Start of SUPPLIED DATA
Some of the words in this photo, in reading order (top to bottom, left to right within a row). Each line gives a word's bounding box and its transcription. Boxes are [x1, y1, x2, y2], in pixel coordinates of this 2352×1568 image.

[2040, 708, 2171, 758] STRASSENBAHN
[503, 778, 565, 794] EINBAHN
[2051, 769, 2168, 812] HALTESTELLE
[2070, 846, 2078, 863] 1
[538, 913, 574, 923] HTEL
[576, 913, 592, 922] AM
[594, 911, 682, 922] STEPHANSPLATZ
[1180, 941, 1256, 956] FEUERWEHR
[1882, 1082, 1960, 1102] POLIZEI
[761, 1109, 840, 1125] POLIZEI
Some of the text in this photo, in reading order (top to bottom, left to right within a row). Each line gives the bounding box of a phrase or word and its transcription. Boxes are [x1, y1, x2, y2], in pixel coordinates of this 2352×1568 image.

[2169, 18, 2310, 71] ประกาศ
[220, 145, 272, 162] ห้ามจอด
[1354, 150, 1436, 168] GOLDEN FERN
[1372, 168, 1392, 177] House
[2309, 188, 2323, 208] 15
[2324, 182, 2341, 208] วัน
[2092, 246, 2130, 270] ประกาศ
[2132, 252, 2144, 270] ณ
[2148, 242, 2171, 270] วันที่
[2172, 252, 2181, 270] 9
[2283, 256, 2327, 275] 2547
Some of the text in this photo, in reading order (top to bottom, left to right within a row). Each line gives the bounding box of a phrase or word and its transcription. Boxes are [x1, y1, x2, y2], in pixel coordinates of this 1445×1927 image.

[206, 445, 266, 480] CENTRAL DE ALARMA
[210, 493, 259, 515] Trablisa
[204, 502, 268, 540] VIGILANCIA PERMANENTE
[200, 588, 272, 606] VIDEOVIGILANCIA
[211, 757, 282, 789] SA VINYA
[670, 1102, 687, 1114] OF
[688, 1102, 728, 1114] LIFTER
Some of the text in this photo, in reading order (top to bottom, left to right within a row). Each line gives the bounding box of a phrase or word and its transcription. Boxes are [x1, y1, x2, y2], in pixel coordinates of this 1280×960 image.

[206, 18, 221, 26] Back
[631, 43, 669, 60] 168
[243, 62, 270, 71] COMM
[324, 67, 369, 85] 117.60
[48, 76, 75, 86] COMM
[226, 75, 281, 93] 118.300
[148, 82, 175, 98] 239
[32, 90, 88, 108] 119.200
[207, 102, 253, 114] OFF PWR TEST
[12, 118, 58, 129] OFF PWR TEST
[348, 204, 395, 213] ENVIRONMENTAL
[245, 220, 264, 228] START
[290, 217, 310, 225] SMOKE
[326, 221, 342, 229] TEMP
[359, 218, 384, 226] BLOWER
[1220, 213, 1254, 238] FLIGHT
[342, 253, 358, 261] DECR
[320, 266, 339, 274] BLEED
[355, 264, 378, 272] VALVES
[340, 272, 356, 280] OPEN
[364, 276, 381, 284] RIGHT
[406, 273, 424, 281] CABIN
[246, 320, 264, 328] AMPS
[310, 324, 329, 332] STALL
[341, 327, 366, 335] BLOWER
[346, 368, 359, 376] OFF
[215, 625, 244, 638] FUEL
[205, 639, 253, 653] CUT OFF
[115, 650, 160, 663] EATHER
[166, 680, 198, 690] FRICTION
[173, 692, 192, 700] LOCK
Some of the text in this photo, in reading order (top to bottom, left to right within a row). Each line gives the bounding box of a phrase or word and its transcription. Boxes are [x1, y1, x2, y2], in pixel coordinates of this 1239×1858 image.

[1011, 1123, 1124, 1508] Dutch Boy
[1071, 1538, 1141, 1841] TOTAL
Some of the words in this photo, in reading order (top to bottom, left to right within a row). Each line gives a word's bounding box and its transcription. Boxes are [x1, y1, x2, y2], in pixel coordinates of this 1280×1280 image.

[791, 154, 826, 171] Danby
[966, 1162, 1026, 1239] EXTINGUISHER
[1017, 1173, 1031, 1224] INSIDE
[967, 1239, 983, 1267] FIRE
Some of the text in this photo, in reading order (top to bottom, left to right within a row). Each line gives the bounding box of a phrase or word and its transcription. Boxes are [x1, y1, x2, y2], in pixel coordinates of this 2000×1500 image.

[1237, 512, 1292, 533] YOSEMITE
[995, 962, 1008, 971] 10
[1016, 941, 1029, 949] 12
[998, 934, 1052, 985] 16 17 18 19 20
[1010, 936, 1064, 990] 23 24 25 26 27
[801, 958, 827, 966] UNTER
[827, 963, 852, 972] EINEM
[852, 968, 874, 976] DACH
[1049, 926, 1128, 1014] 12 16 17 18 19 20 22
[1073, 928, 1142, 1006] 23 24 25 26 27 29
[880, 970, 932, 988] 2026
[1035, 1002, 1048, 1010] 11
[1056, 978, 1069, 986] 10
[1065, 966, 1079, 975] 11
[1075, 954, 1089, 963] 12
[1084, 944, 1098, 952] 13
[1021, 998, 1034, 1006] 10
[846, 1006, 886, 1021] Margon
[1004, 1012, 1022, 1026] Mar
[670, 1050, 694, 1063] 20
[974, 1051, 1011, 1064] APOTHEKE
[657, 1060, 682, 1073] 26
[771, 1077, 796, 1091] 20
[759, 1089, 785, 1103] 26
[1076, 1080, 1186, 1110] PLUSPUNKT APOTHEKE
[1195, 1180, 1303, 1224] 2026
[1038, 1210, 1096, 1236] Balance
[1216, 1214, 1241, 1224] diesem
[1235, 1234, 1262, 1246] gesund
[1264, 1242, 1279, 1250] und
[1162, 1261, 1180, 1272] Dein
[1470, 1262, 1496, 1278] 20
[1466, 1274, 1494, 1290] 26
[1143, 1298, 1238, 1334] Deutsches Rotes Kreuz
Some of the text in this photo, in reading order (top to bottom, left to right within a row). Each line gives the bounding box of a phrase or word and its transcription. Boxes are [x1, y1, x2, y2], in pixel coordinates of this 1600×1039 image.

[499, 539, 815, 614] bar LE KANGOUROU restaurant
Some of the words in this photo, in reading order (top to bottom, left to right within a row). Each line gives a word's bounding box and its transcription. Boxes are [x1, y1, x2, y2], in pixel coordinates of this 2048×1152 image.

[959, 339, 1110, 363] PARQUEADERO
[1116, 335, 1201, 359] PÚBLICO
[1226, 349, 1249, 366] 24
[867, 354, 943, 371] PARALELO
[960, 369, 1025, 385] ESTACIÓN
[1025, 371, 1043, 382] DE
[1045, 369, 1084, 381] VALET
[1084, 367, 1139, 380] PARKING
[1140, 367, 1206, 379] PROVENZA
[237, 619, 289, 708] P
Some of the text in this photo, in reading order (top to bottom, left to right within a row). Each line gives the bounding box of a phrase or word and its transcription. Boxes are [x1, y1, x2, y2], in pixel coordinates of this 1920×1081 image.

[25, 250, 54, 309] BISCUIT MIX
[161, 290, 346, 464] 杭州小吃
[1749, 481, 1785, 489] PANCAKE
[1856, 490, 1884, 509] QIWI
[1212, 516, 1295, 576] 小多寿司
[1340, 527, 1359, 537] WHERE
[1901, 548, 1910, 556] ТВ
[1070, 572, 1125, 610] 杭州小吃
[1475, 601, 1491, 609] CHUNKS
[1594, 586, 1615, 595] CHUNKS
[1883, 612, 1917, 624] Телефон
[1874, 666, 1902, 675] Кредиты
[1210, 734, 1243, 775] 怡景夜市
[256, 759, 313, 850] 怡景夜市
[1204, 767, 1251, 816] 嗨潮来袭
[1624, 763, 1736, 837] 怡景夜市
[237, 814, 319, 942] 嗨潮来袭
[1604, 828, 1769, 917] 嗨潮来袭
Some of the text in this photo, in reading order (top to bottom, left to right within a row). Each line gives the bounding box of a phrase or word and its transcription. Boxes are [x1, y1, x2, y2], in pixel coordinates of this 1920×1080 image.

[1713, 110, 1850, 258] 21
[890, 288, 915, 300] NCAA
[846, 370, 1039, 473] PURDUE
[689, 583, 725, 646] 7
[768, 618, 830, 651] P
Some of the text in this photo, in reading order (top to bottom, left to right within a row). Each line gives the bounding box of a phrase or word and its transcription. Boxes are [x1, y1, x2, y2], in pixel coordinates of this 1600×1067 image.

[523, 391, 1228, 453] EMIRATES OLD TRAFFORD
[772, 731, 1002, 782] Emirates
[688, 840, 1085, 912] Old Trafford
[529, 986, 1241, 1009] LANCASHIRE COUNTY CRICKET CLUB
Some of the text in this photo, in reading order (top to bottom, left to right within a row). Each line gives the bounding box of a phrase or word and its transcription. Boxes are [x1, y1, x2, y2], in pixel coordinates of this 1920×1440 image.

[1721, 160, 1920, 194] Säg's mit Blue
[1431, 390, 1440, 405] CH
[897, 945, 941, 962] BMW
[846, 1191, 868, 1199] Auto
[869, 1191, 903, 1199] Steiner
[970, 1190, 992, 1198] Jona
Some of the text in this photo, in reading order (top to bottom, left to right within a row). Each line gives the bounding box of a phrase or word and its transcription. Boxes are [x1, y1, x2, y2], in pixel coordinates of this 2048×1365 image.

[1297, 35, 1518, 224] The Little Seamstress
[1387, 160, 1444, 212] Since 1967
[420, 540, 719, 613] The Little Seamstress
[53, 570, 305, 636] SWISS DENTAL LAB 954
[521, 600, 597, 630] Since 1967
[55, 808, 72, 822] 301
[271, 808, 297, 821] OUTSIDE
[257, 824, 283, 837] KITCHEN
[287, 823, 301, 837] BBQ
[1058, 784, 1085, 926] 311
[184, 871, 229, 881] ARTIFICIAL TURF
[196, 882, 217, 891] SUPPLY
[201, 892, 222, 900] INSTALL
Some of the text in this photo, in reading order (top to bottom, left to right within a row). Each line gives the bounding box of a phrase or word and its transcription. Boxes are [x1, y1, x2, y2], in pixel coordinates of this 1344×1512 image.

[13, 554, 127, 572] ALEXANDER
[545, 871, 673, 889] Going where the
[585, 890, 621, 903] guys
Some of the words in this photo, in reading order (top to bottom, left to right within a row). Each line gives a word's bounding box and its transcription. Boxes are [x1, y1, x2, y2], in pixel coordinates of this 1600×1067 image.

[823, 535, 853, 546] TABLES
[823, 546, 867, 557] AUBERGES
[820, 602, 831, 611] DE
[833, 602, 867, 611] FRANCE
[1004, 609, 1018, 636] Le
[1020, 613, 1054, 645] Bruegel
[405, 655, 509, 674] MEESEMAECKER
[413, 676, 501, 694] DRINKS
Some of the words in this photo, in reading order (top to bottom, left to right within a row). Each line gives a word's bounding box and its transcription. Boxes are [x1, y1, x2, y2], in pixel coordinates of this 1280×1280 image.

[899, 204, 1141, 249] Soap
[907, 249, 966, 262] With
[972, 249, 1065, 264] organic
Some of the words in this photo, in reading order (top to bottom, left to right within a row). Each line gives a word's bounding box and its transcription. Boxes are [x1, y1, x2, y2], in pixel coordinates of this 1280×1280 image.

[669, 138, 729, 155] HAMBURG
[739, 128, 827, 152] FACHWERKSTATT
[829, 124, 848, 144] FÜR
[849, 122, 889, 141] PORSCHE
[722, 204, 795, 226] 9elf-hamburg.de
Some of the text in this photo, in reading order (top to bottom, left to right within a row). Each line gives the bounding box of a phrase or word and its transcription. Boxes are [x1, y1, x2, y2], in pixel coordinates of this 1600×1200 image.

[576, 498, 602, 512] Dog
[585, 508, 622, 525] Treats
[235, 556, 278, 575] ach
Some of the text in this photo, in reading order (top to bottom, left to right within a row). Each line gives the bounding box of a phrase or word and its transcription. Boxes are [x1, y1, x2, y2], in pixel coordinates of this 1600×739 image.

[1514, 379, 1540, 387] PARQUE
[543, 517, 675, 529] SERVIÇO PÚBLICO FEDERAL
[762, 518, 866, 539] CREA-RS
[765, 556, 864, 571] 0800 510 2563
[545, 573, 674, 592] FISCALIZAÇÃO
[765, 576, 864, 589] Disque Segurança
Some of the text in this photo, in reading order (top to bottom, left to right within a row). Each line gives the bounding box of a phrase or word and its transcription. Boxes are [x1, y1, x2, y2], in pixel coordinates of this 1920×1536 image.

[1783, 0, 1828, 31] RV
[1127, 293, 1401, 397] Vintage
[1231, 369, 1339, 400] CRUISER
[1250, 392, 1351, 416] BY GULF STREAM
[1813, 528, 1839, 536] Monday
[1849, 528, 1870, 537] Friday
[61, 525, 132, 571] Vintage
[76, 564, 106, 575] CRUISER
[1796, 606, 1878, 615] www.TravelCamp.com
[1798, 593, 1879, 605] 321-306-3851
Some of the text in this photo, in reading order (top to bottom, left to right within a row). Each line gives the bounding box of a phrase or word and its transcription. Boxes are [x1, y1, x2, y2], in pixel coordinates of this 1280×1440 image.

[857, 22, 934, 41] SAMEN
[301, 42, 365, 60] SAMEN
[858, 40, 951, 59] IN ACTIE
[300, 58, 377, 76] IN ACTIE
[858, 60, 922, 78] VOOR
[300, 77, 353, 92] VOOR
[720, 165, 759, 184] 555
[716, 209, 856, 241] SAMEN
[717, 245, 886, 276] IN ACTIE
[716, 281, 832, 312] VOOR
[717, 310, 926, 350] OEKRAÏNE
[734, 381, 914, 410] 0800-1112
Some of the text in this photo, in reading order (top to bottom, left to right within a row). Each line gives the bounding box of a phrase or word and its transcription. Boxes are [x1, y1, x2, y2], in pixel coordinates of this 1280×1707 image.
End of SUPPLIED DATA
* WHAT YOU NEED TO DO:
Please copy the line holding "this 1600×1200 image." and all lines after it to the end of the records, exactly, and nothing else.

* FINISHED TASK:
Some of the text in this photo, in reading order (top to bottom, left to right within a row). Each line gives the bounding box of a phrase or word and its transcription. Boxes are [x1, y1, x2, y2], in pixel coordinates of this 1600×1200 image.

[576, 498, 602, 512] Dog
[585, 508, 622, 525] Treats
[235, 556, 278, 575] ach
Some of the text in this photo, in reading order (top to bottom, left to right within a row). Each line gives the bounding box of a phrase or word and its transcription. Boxes are [x1, y1, x2, y2], in pixel coordinates of this 1600×739 image.

[1514, 379, 1540, 387] PARQUE
[543, 517, 675, 529] SERVIÇO PÚBLICO FEDERAL
[762, 518, 866, 539] CREA-RS
[765, 556, 864, 571] 0800 510 2563
[545, 573, 674, 592] FISCALIZAÇÃO
[765, 576, 864, 589] Disque Segurança
Some of the text in this photo, in reading order (top to bottom, left to right within a row). Each line gives the bounding box of a phrase or word and its transcription. Boxes are [x1, y1, x2, y2], in pixel coordinates of this 1920×1536 image.

[1783, 0, 1828, 31] RV
[1127, 293, 1401, 397] Vintage
[1231, 369, 1339, 400] CRUISER
[1250, 392, 1351, 416] BY GULF STREAM
[1813, 528, 1839, 536] Monday
[1849, 528, 1870, 537] Friday
[61, 525, 132, 571] Vintage
[76, 564, 106, 575] CRUISER
[1796, 606, 1878, 615] www.TravelCamp.com
[1798, 593, 1879, 605] 321-306-3851
Some of the text in this photo, in reading order (top to bottom, left to right within a row). Each line gives the bounding box of a phrase or word and its transcription. Boxes are [x1, y1, x2, y2], in pixel coordinates of this 1280×1440 image.

[857, 22, 934, 41] SAMEN
[301, 42, 365, 60] SAMEN
[858, 40, 951, 59] IN ACTIE
[300, 58, 377, 76] IN ACTIE
[858, 60, 922, 78] VOOR
[300, 77, 353, 92] VOOR
[720, 165, 759, 184] 555
[716, 209, 856, 241] SAMEN
[717, 245, 886, 276] IN ACTIE
[716, 281, 832, 312] VOOR
[717, 310, 926, 350] OEKRAÏNE
[734, 381, 914, 410] 0800-1112
Some of the text in this photo, in reading order (top to bottom, left to right within a row). Each line gives the bounding box of a phrase or word and its transcription. Boxes are [x1, y1, x2, y2], in pixel coordinates of this 1280×1707 image.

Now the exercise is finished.